Chemistry

Transcritical Cycle

Transcritical Cycle

A transcritical cycle is a thermodynamic cycle where the working fluid goes through both Subcritical and supercritical states. It is a cycle with a maximum pressure higher than the critical one. This is often the case when carbon dioxide, CO2, is the refrigerant. In transcritical systems, CO2 is cooled but does not condense at the gas cooler outlet, being above the critical temperature. The use of carbon dioxide as operating fluid in vapor compression refrigeration systems is nowadays receiving new attention, due to its environmental impact but also due to unexpectedly good performance. Transcritical CO2 cycle is recently considered as one of the most influential refrigerants for its characteristics such as non-ODP, negligible GWP, non-flammability and non-toxicity, despite the drawback of high working pressure. The phase change is gradual and all the physical and thermodynamic properties vary without discontinuity in the heat introduction process.

Advantages:

  • the system that completely uses natural refrigerants (CO2);
  • various studies have shown higher efficiency than any other type of installation at average outside temperatures less than 15°C;
  • technology becoming standardized, costs are falling.

Critical:

  • high pressures involved (up to 120 barg);
  • systems are normally more complex than traditional ones;
  • good efficiency even in warm climates, using additional technology such as parallel compressors.

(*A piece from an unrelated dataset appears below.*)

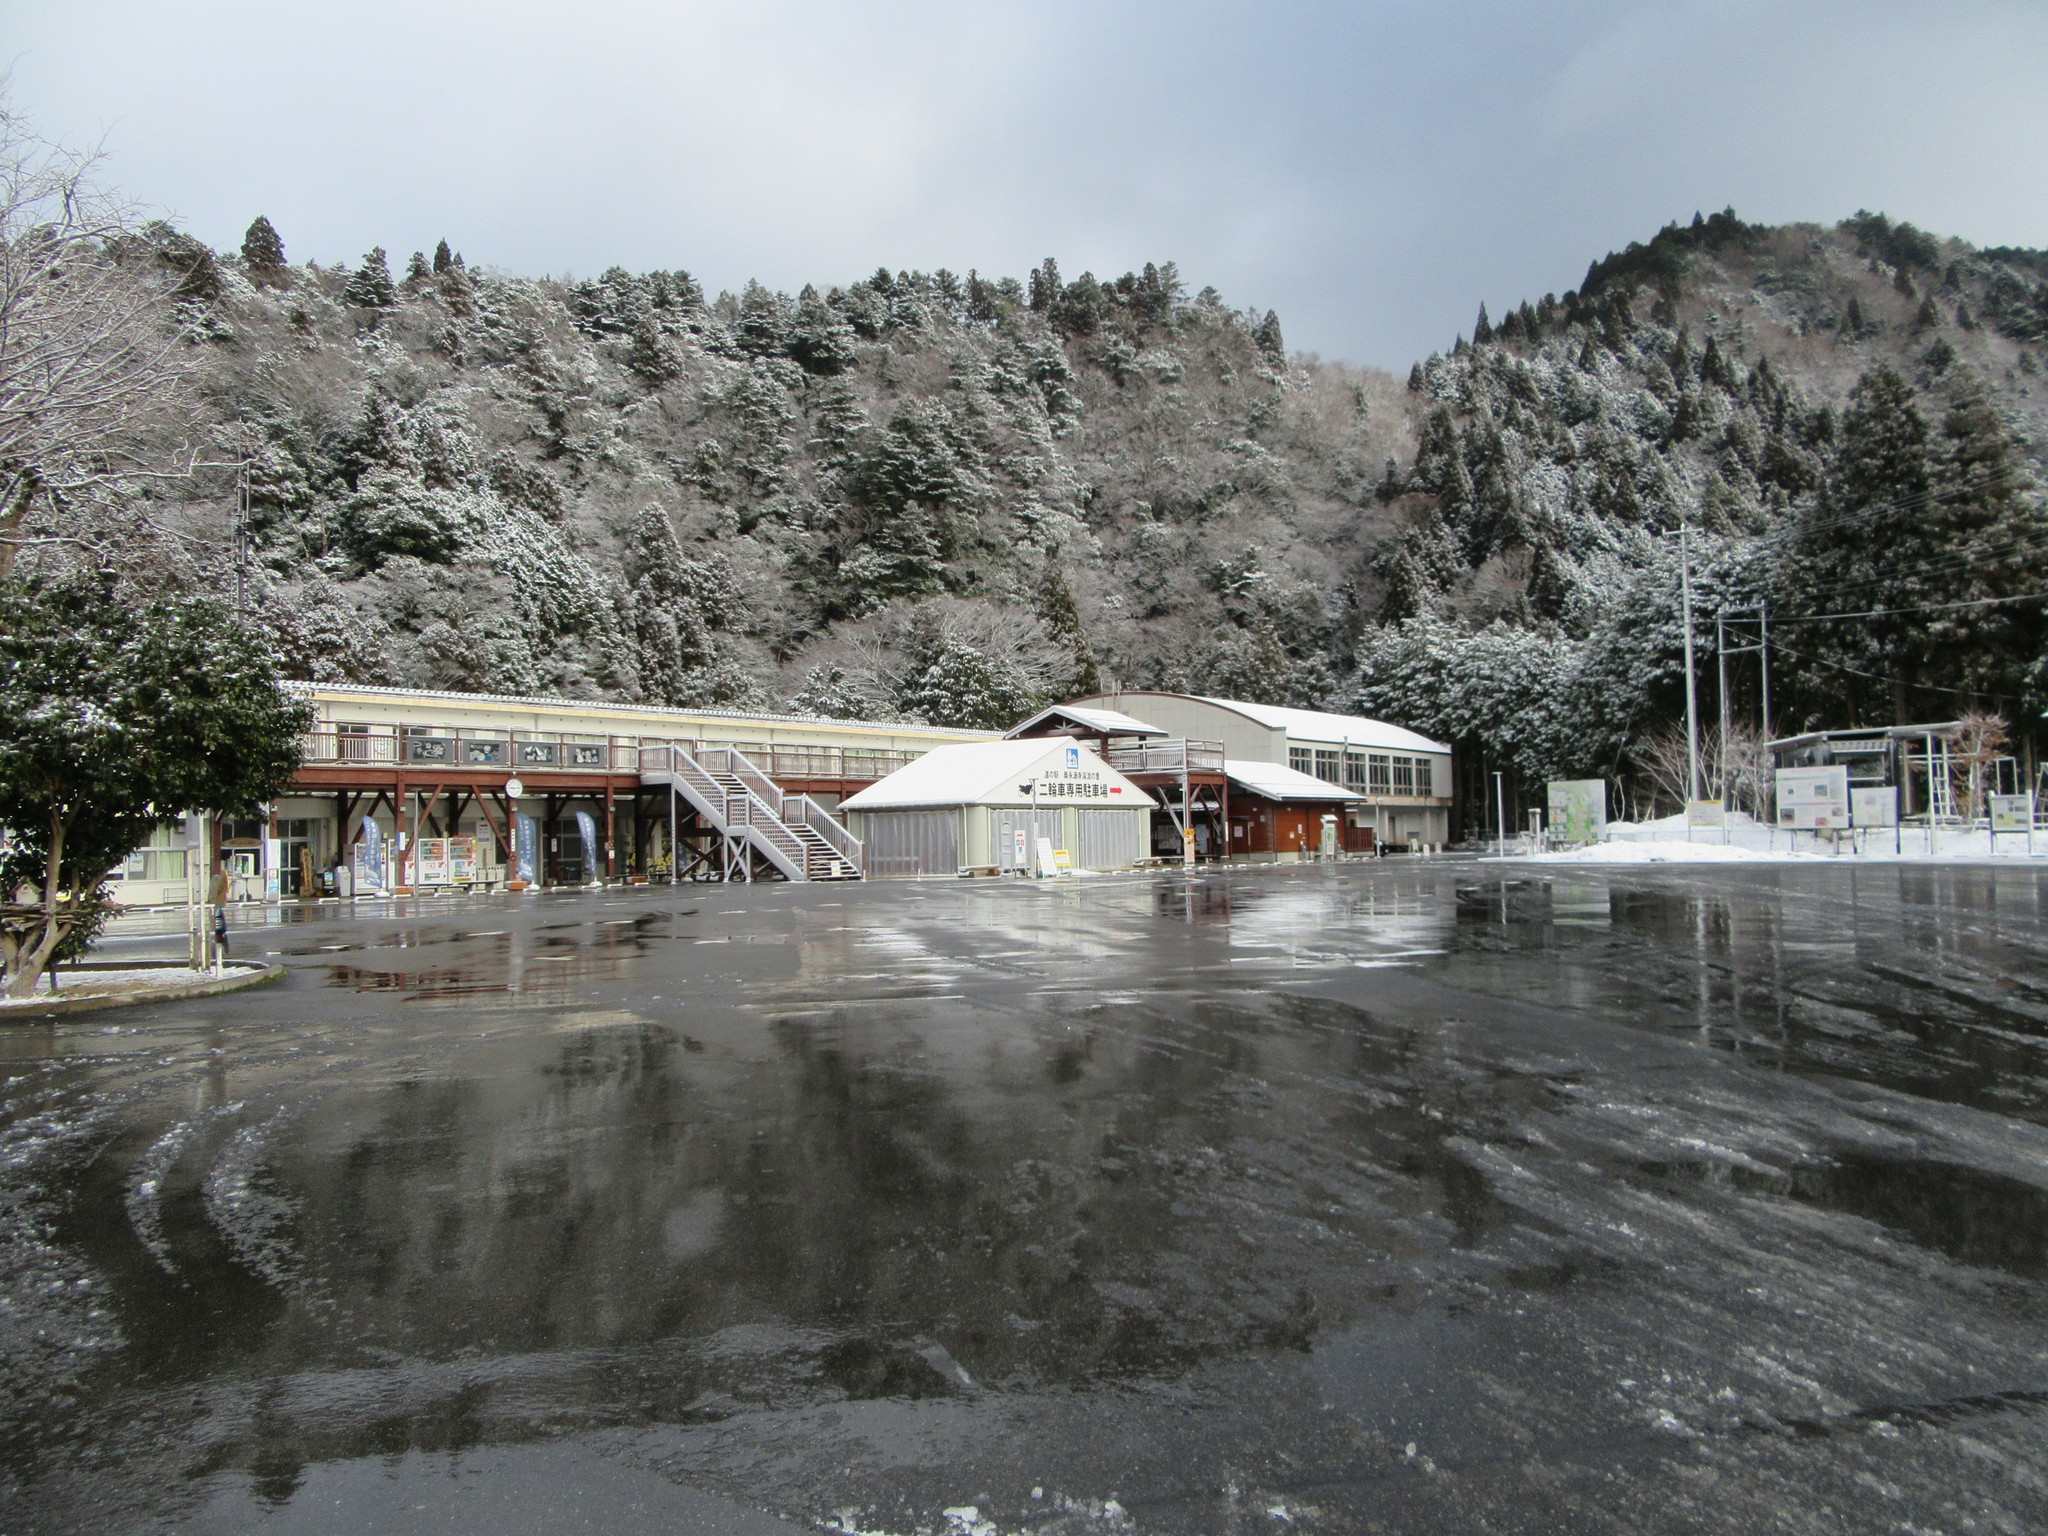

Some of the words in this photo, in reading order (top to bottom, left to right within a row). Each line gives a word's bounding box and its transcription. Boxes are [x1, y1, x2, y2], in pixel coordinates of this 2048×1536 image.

[1044, 771, 1058, 779] 道の駅
[1039, 782, 1108, 798] 二輪車専用駐車場
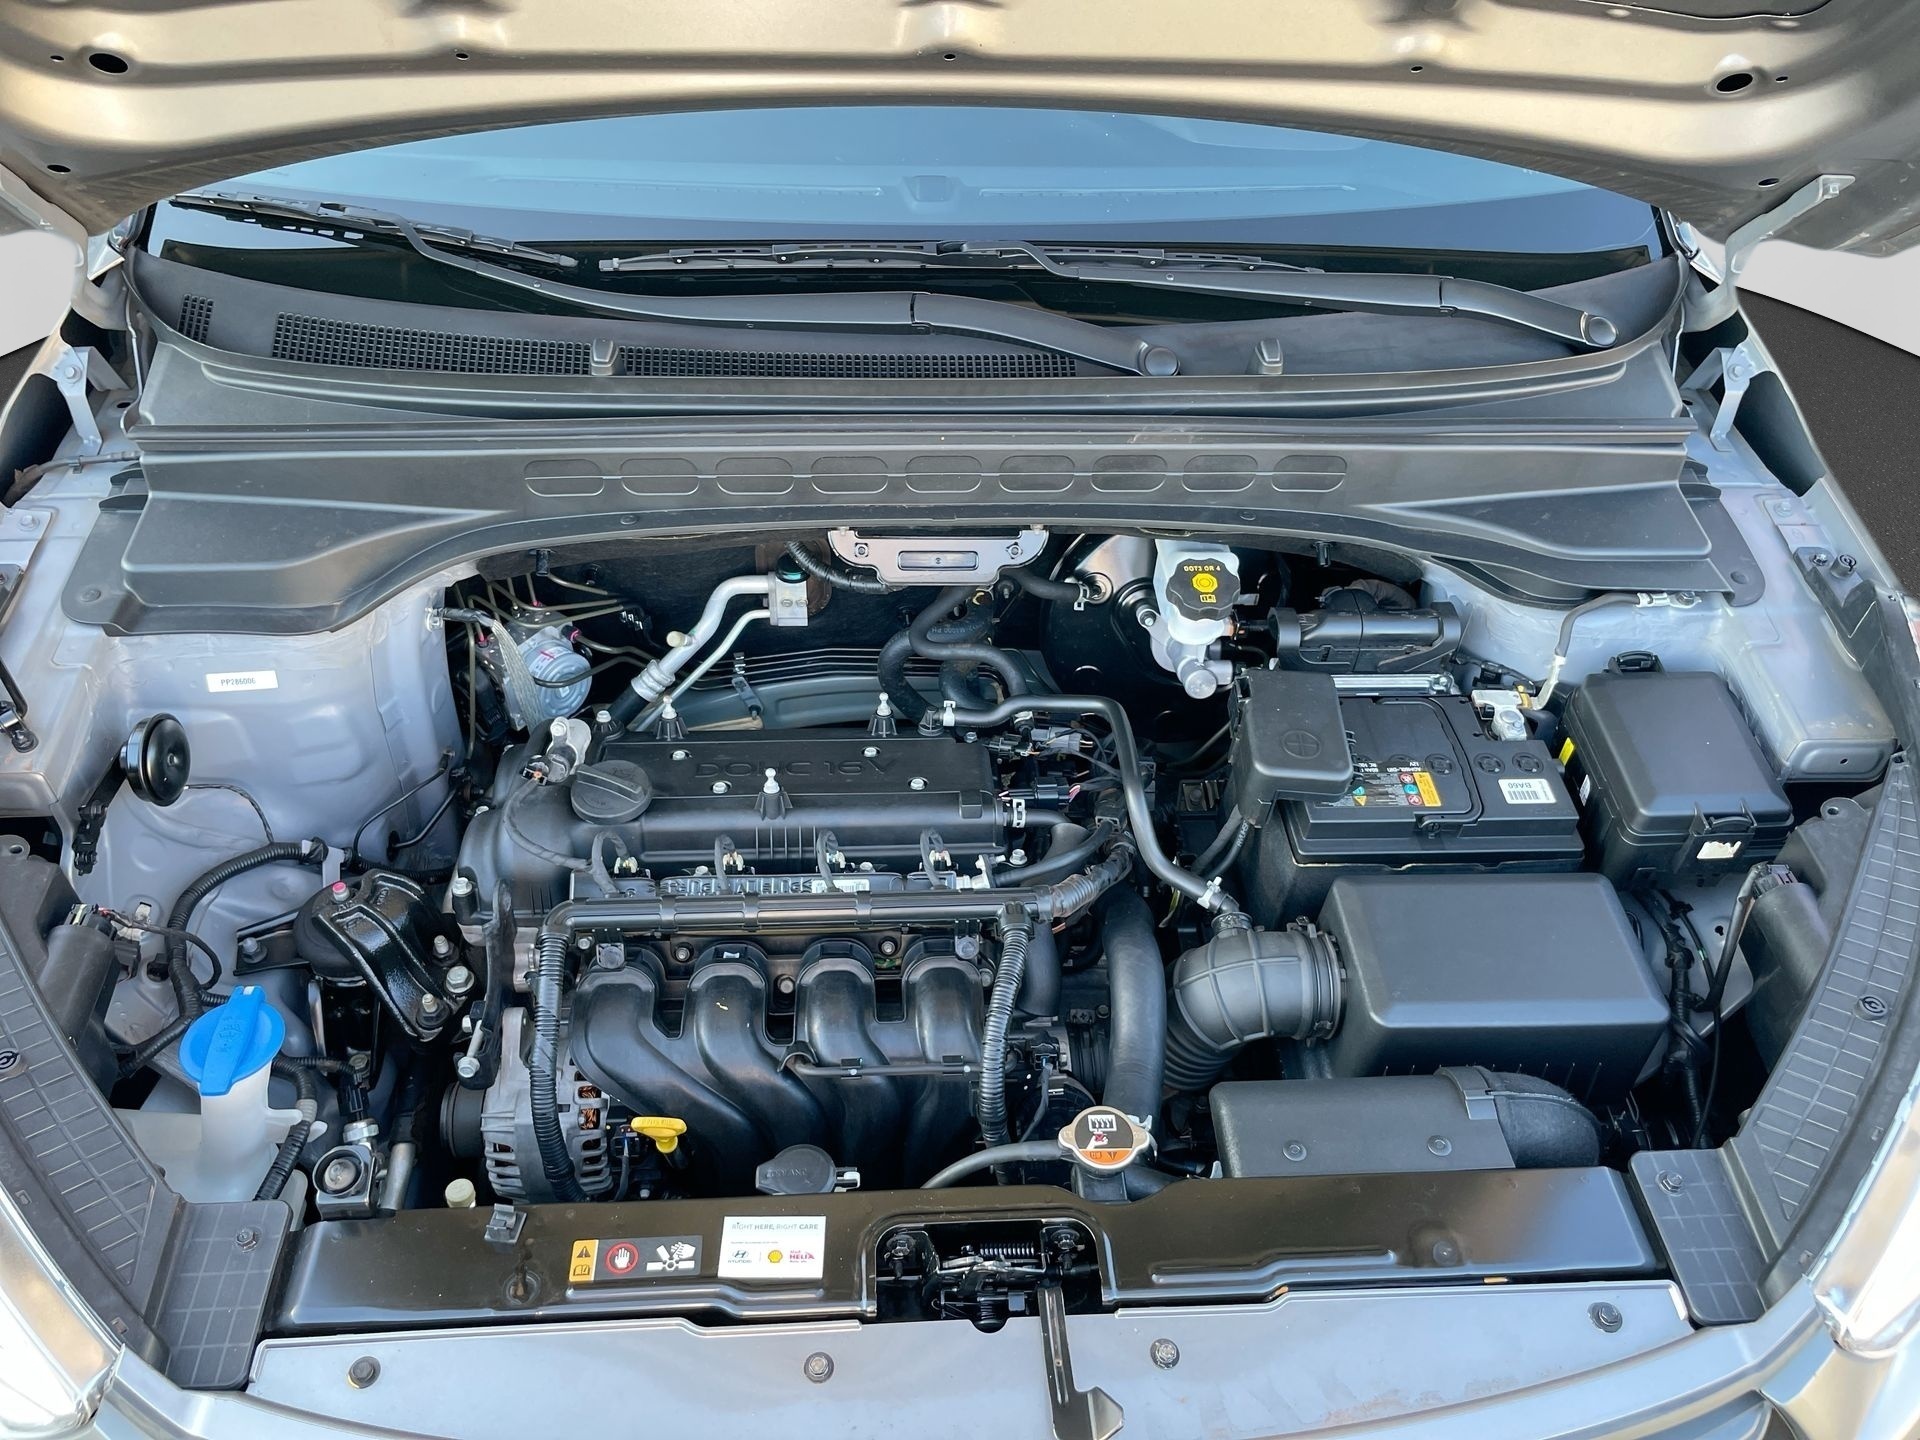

The modern transcritical cycle was developed in 1988–1991 by the Norwegian professor Gustav Lorentzen (1915–1995) and his team. CO2 is a component of our atmosphere that is essential to life. It has no ozone depletion potential and insignificant global warming potential, so CO2 has no regulatory liability, as do HFCs. A transcritical cycle differs from a conventional phase-change vapor compression cycle as for the heat rejection phase in the high-temperature cycle section, which is not operated through a condenser, being replaced by a gas cooler, where the CO2 temperature decreases over a large temperature range. They are interesting because they can achieve higher efficiency compared to the subcritical ones if a finite heat capacity source is available.